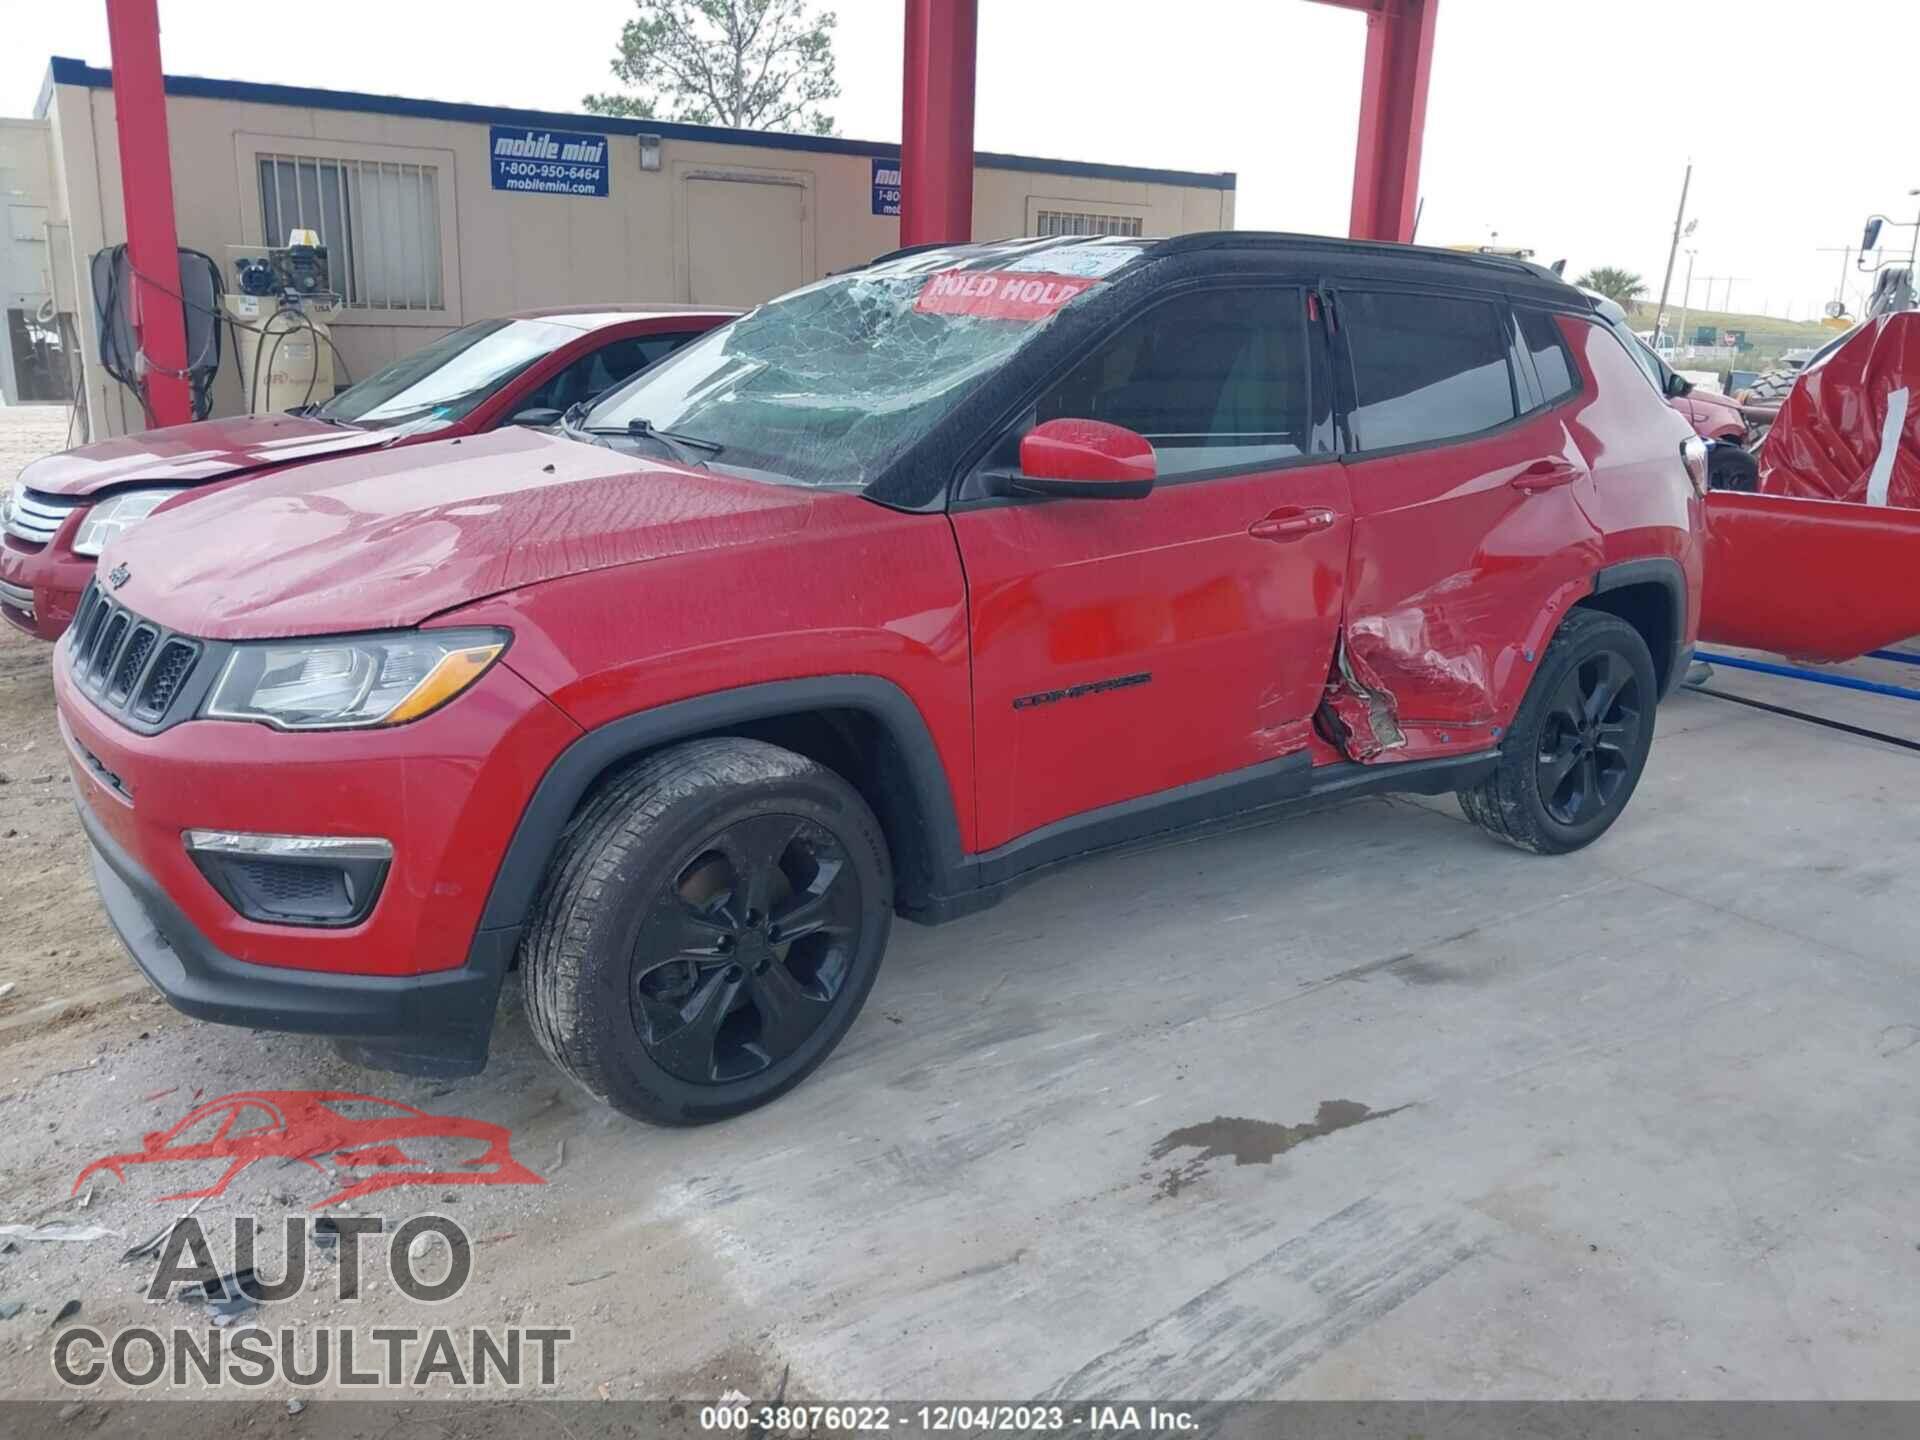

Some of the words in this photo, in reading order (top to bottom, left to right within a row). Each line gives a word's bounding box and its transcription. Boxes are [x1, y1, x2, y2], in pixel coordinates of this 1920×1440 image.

[494, 132, 559, 159] mobile
[561, 141, 605, 163] mini
[500, 162, 600, 181] 1-800-950-6464
[506, 178, 596, 194] mobilemini.com
[929, 275, 999, 298] HOLD
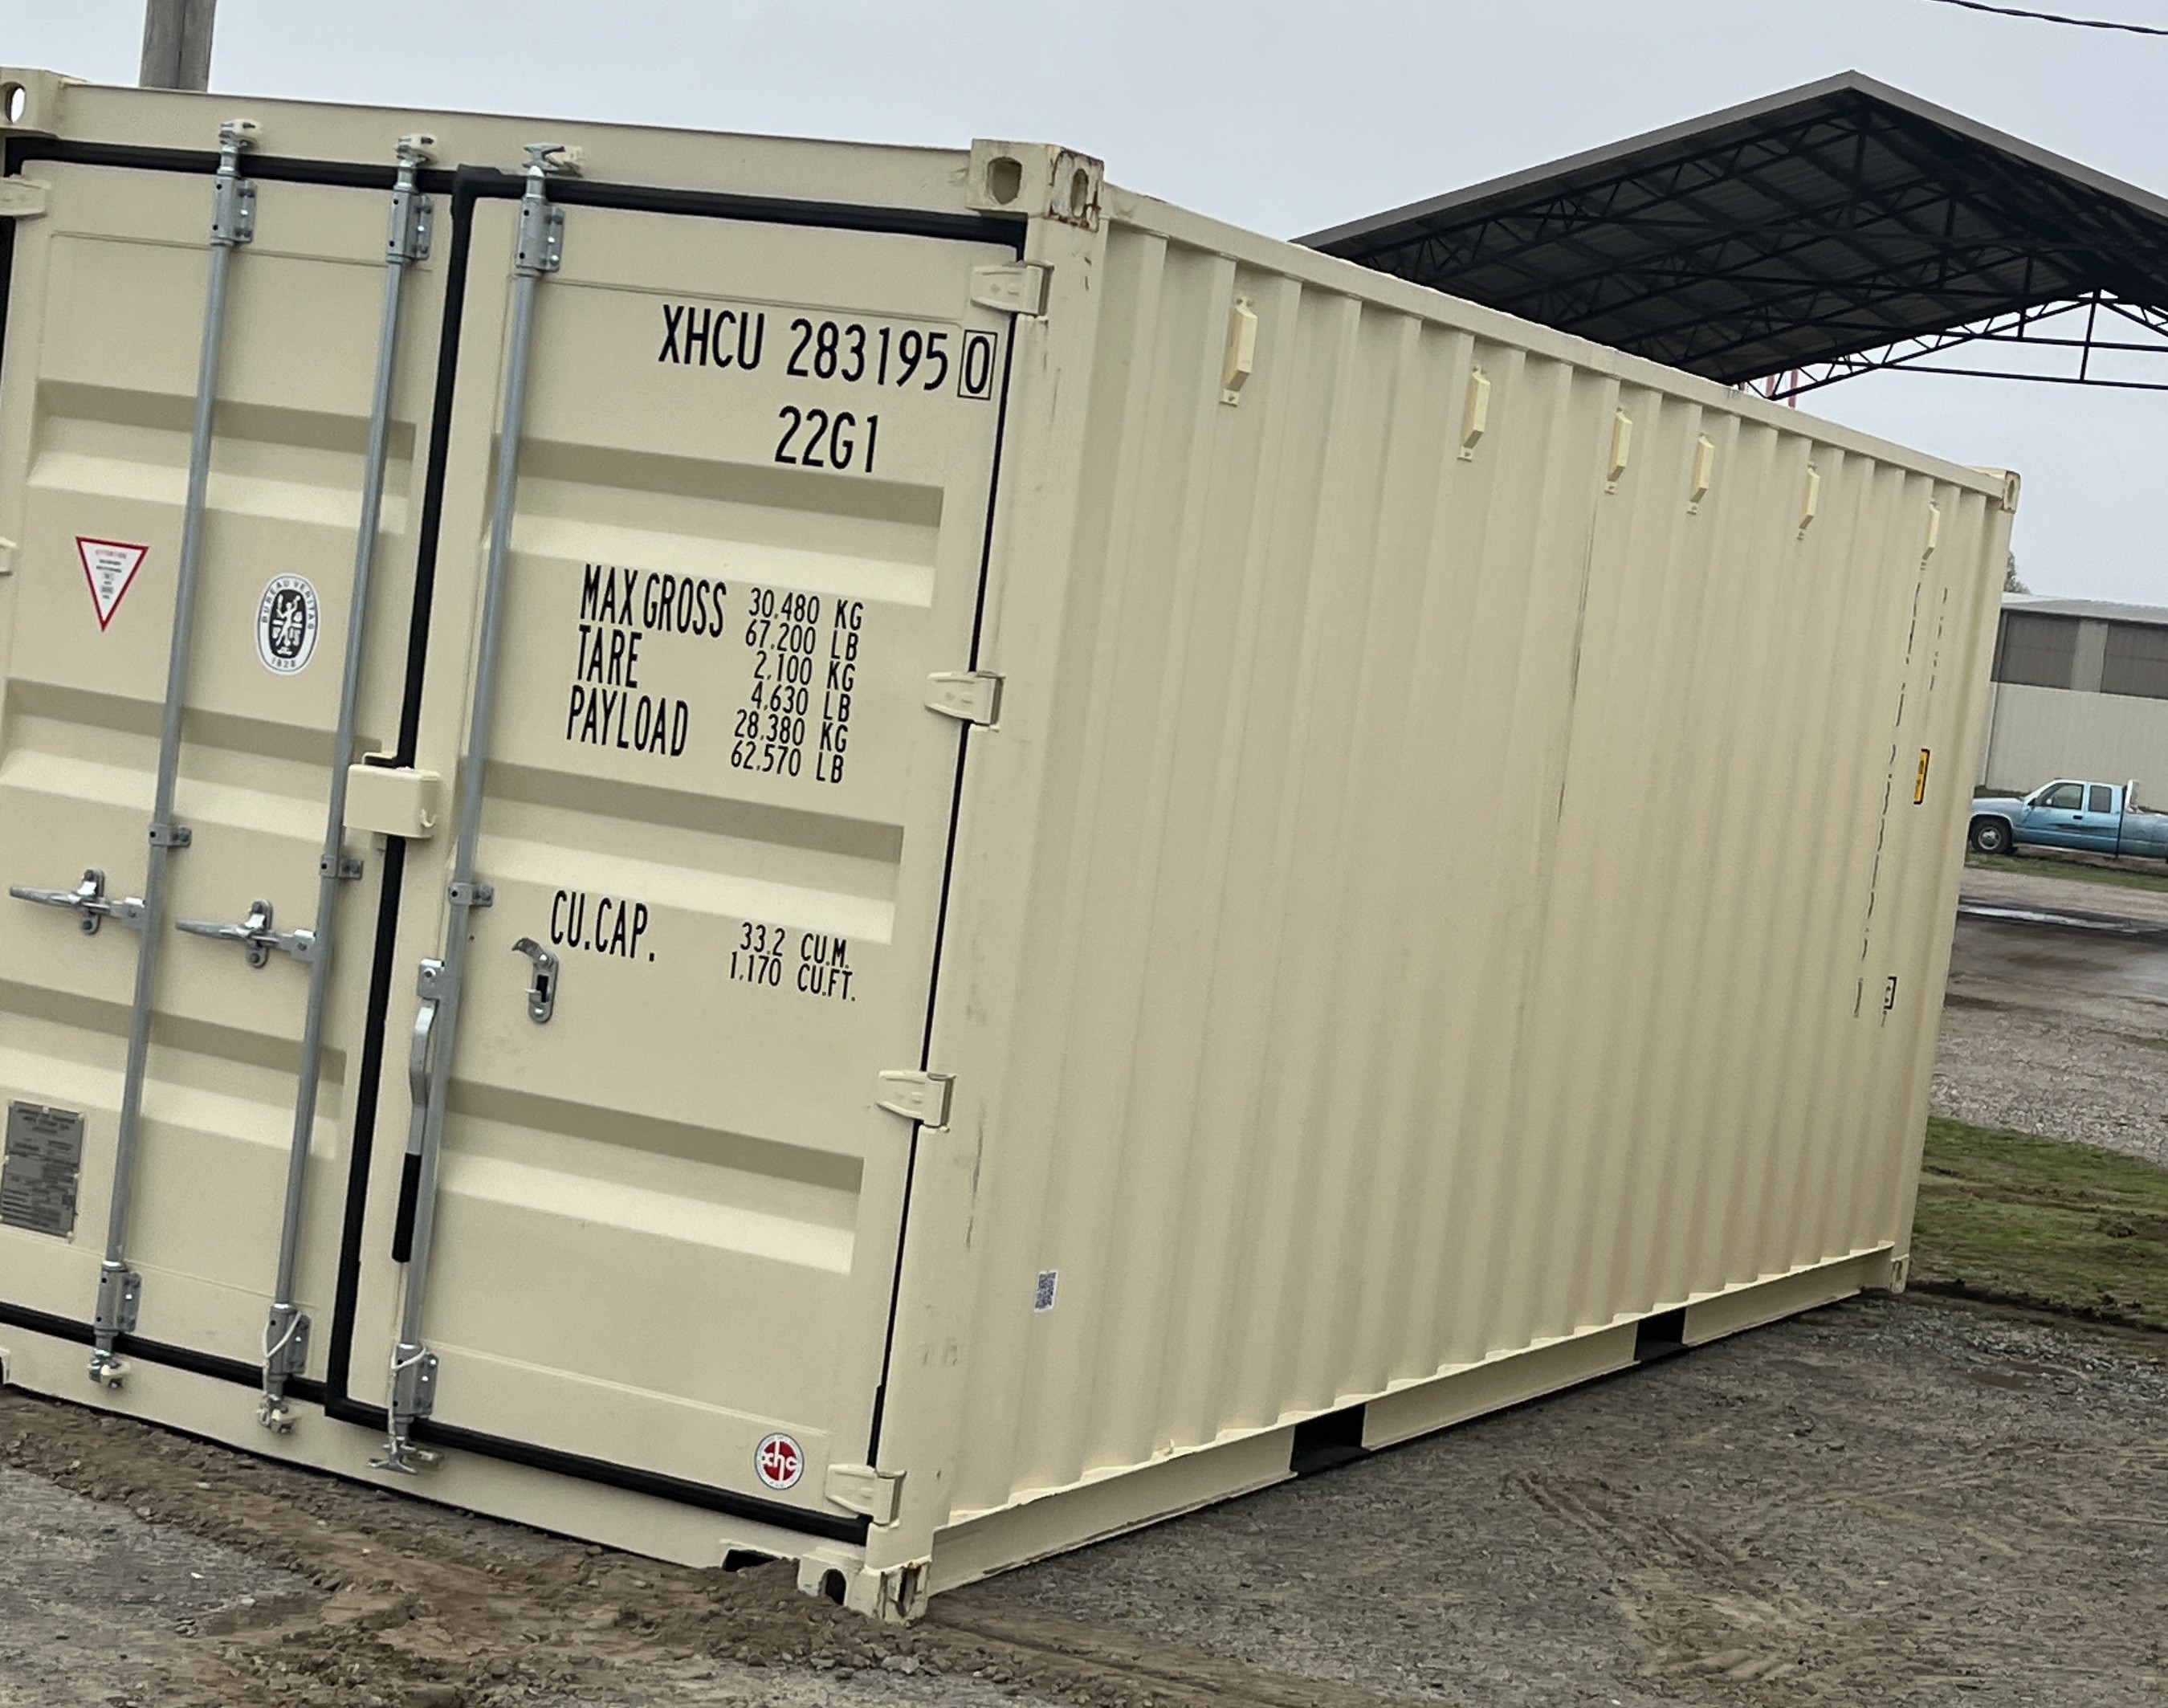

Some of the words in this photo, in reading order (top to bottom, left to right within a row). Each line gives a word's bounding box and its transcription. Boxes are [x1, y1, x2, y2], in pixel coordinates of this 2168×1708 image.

□ □ □ □ □

▸ **Goal of the exercise**
Skip the pictures, then return the rest of the data exactly.

▸ **Result of this exercise**
Some of the words in this photo, in reading order (top to bottom, left to right within a row). Each line gives a word's bounding box and its transcription. Boxes are [x1, y1, x2, y2], in pixel coordinates of this 1920×1440 image.

[494, 132, 559, 159] mobile
[561, 141, 605, 163] mini
[500, 162, 600, 181] 1-800-950-6464
[506, 178, 596, 194] mobilemini.com
[929, 275, 999, 298] HOLD

Some of the words in this photo, in reading order (top to bottom, left to right within a row). Each line gives a word's bounding box and its transcription. Boxes are [x1, y1, x2, y2], in pixel coordinates of this 2168×1708 image.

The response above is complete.